Behavioral health patients often face long wait times in emergency departments, where limited resources and a shortage of specialists can delay care. As these patients await treatment or placement, the departments can become overcrowded and overwhelming for those in a behavioral health crisis.
This is why the Medical University of South Carolina in Charleston is expanding emergency psychiatric alternatives across the state called emergency psychiatric assessment, treatment, and healing units, including what it says are the first units for children. Lalithkumar Solai, MD, chief of mental health at MUSC, told Becker’s the goal of the units is to move behavioral health patients out of overcrowded emergency departments, shorten wait times and avoid unnecessary hospitalizations.
“If we can move them into a safe space, like an EmPATH unit, then even before the clinician comes and sees them, the therapeutic environment that they are in should help in kind of calming them down, and hopefully will help them stabilize better,” he said.
In January 2022, South Carolina Gov. Henry McMaster called on the state Department of Health and Human Services to review the state’s behavioral health funding and delivery system. MUSC then received $100 million in government-allocated funds to build the Jean and Hugh K. Leatherman Behavioral Care Pavilion, which features EmPATH units.
Dr.
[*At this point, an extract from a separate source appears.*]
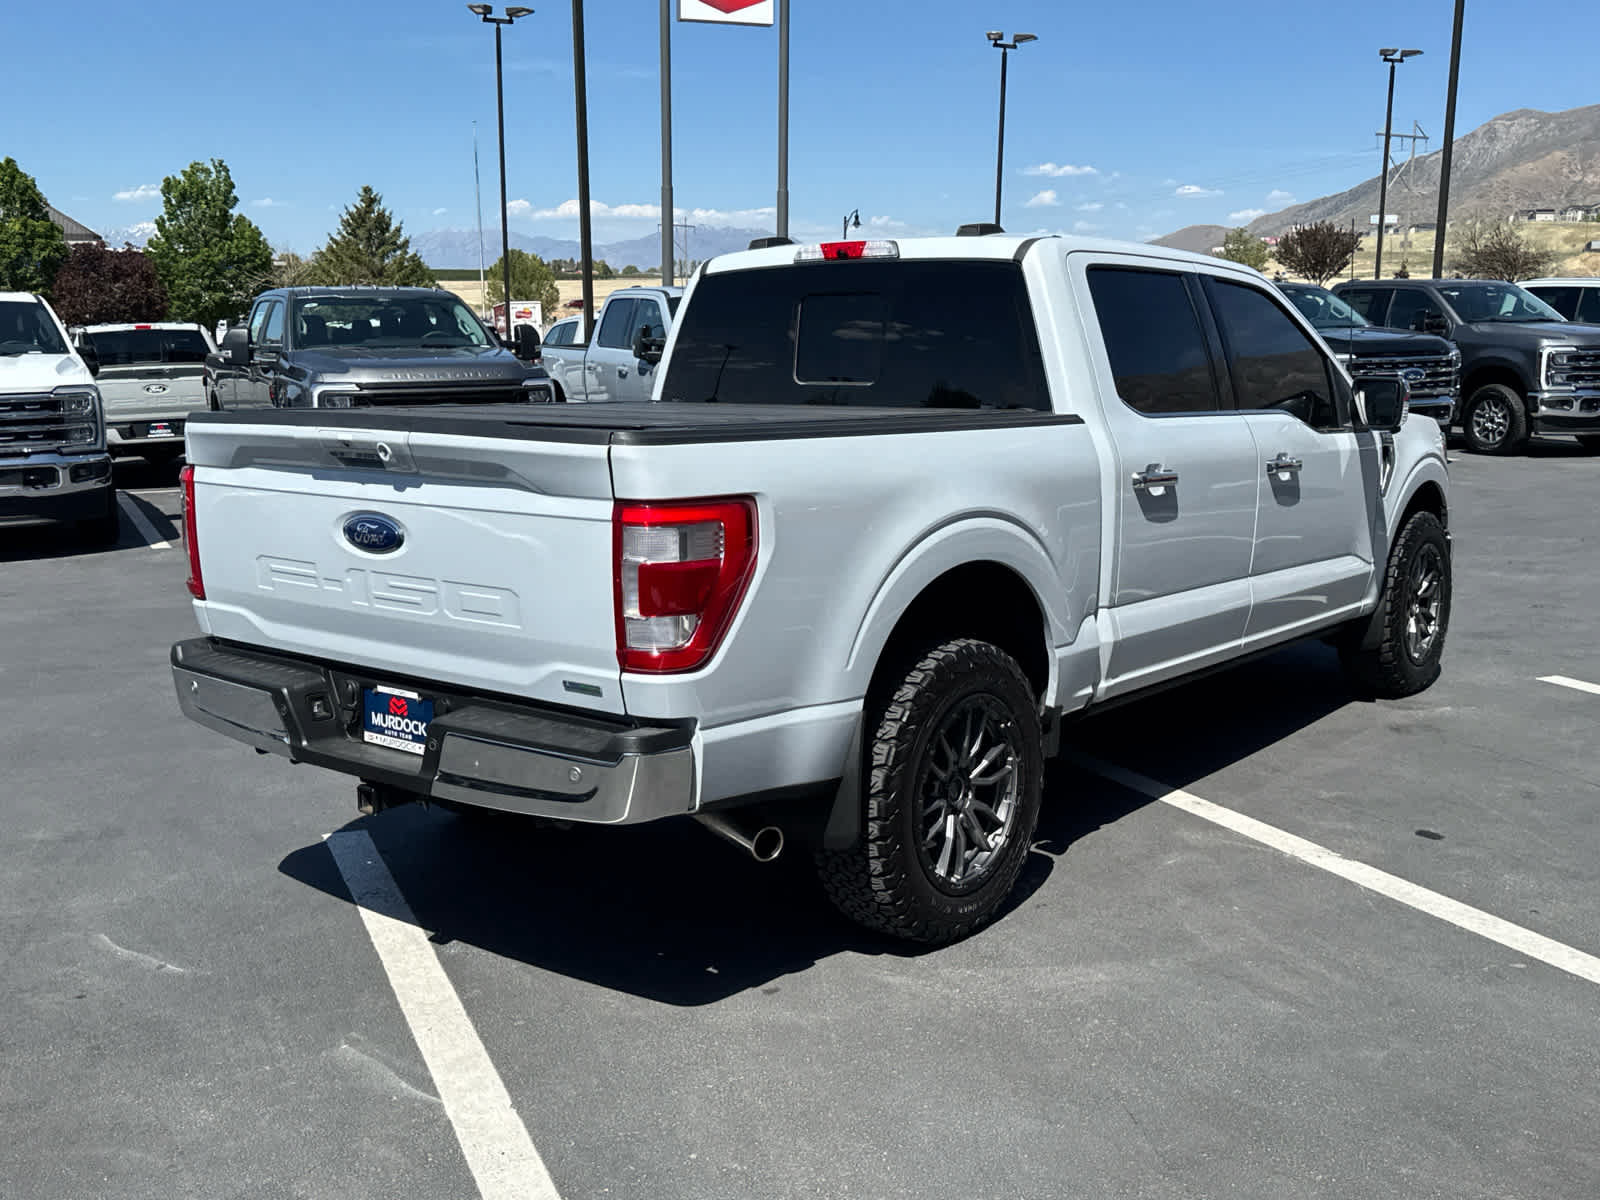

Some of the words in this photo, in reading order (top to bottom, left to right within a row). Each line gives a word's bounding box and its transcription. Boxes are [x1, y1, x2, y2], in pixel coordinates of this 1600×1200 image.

Solai said therapists in the units can teach patients coping skills and help them reconnect with reality, which in turn frees up space in emergency departments.
“A patient comes in after a breakup with a girlfriend and is distraught, is suicidal — usually they end up in the hospital,” he said. “If you have an EmPATH unit where you can stay up to 72 hours, you kind of help them regroup themselves … help them pull themselves out of that moment of crisis … so that they don’t become suicidal and they could be reintegrated into the community. So your admissions to inpatients will go down.”
The model also has been implemented at Charleston-based MUSC Shawn Jenkins Children’s Hospital, allowing families to avoid the inpatient unit, where patients can be violent and aggressive.
“We were the first ones … to start a child EmPATH unit, and we have been running it since April,” Dr. Solai said. “Even in a crisis, when they’re having a breakdown … inpatient can be pretty traumatic for [children]. … So we try to avoid [inpatient] at any cost, and see if we can keep them briefly for a day or two in the EmPATH and send them back into the community.”
The system is seeing promising results, though data collection is still in its initial phases. In MUSC’s emergency departments, 50% of patients were admitted to inpatient care and 50% were sent back into the community. Dr. Solai said he hopes to see a significant shift in those numbers to 60% or 70% of patients being reintegrated back into the community.
Some challenges include needing the space to build out the therapeutic environment where patients can participate in group therapy, listen to music and relax, Dr. Solai said. Another challenge is that not every behavioral health patient qualifies to be placed into the EmPATH unit; that group includes “actively violent” or “actively psychotic” individuals.
Dr. Solai said the program’s success largely will come down to payer support.
“We can do all of these things, but if the payers don’t pay, then it’s not going to be a sustainable model five years from now,” he said. “Medicaid does reimburse for that model, which is … critical.”